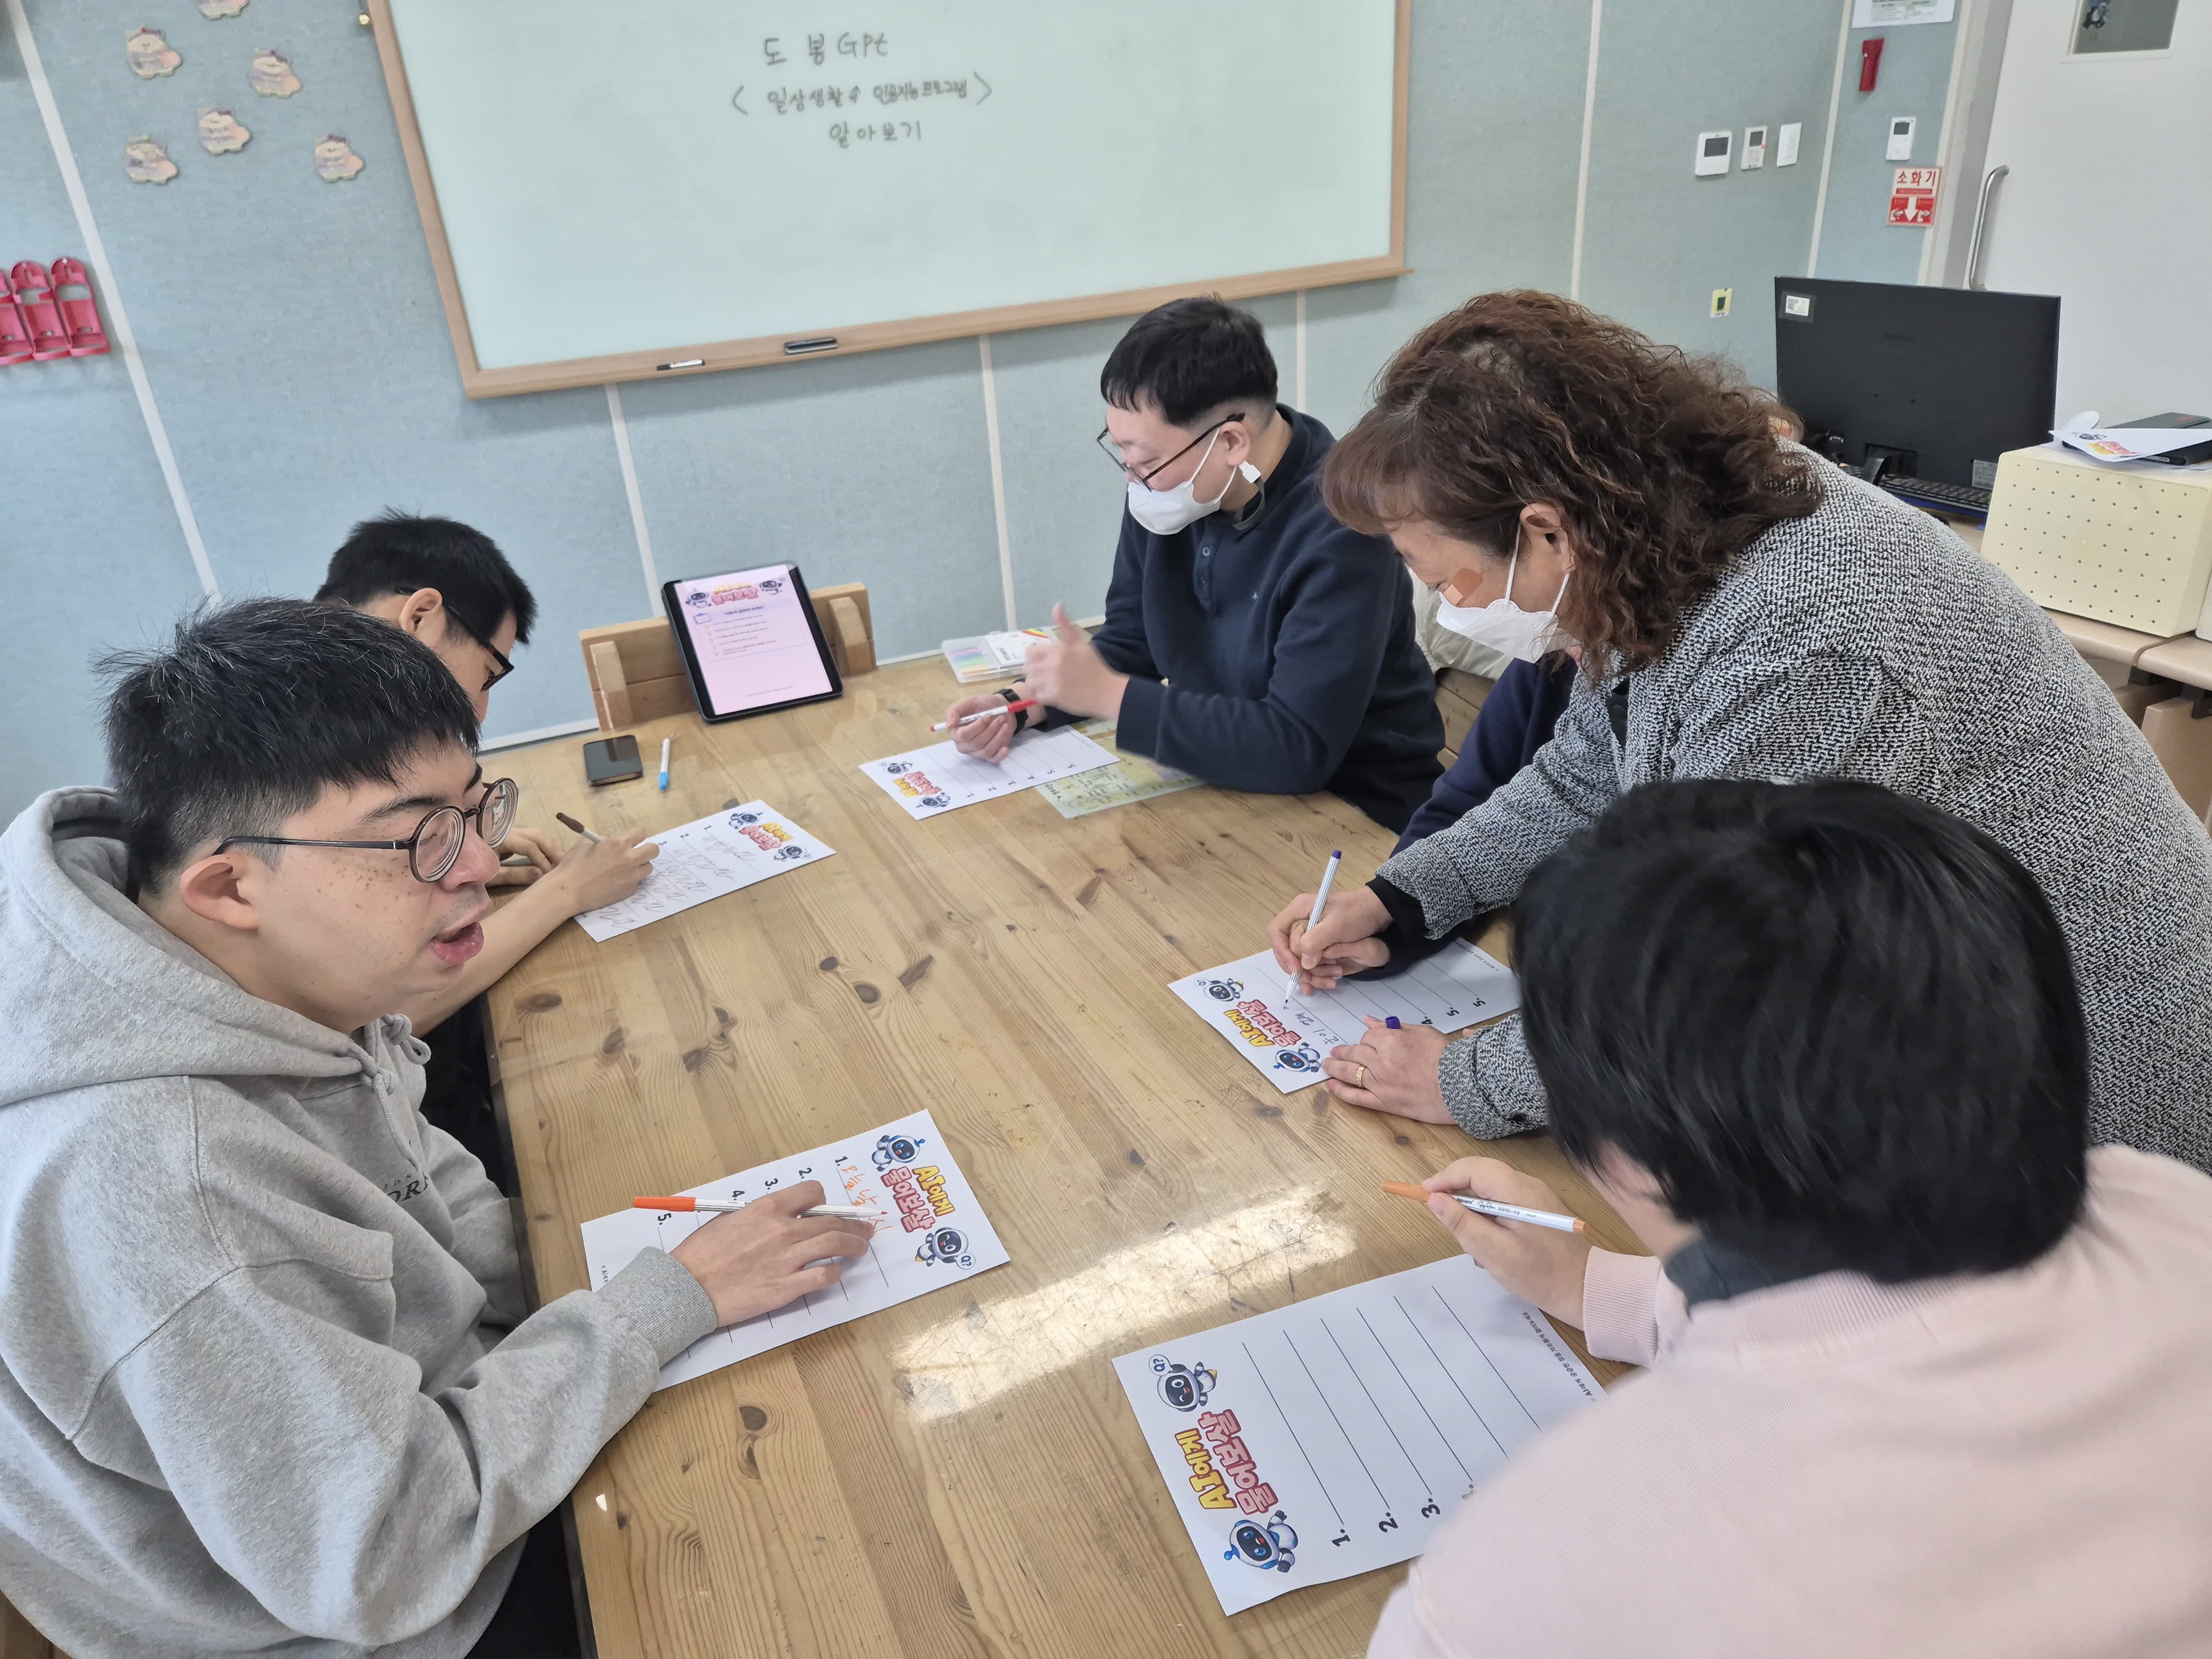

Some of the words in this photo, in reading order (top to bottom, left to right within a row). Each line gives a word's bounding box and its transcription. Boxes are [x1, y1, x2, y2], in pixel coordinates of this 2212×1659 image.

[1897, 171, 1936, 186] 소화기
[1223, 1009, 1275, 1047] AI에게
[1237, 999, 1302, 1047] 물어보살
[880, 1166, 936, 1233] 물어보살
[912, 1165, 955, 1217] AI에게
[1153, 1358, 1166, 1372] Q?
[1174, 1428, 1237, 1509] AI에게
[1197, 1409, 1279, 1515] 물어보살
[1379, 1512, 1399, 1533] 2.
[1421, 1498, 1441, 1519] 3.
[1332, 1529, 1350, 1547] 1.

§ **TASK PROMPT**
From the entries above, output every line exactly and omit any image.

§ **OUTPUT OF THE TASK**
Some of the words in this photo, in reading order (top to bottom, left to right within a row). Each line gives a word's bounding box and its transcription. Boxes are [x1, y1, x2, y2], in pixel coordinates of this 2212×1659 image.

[1897, 171, 1936, 186] 소화기
[1223, 1009, 1275, 1047] AI에게
[1237, 999, 1302, 1047] 물어보살
[880, 1166, 936, 1233] 물어보살
[912, 1165, 955, 1217] AI에게
[1153, 1358, 1166, 1372] Q?
[1174, 1428, 1237, 1509] AI에게
[1197, 1409, 1279, 1515] 물어보살
[1379, 1512, 1399, 1533] 2.
[1421, 1498, 1441, 1519] 3.
[1332, 1529, 1350, 1547] 1.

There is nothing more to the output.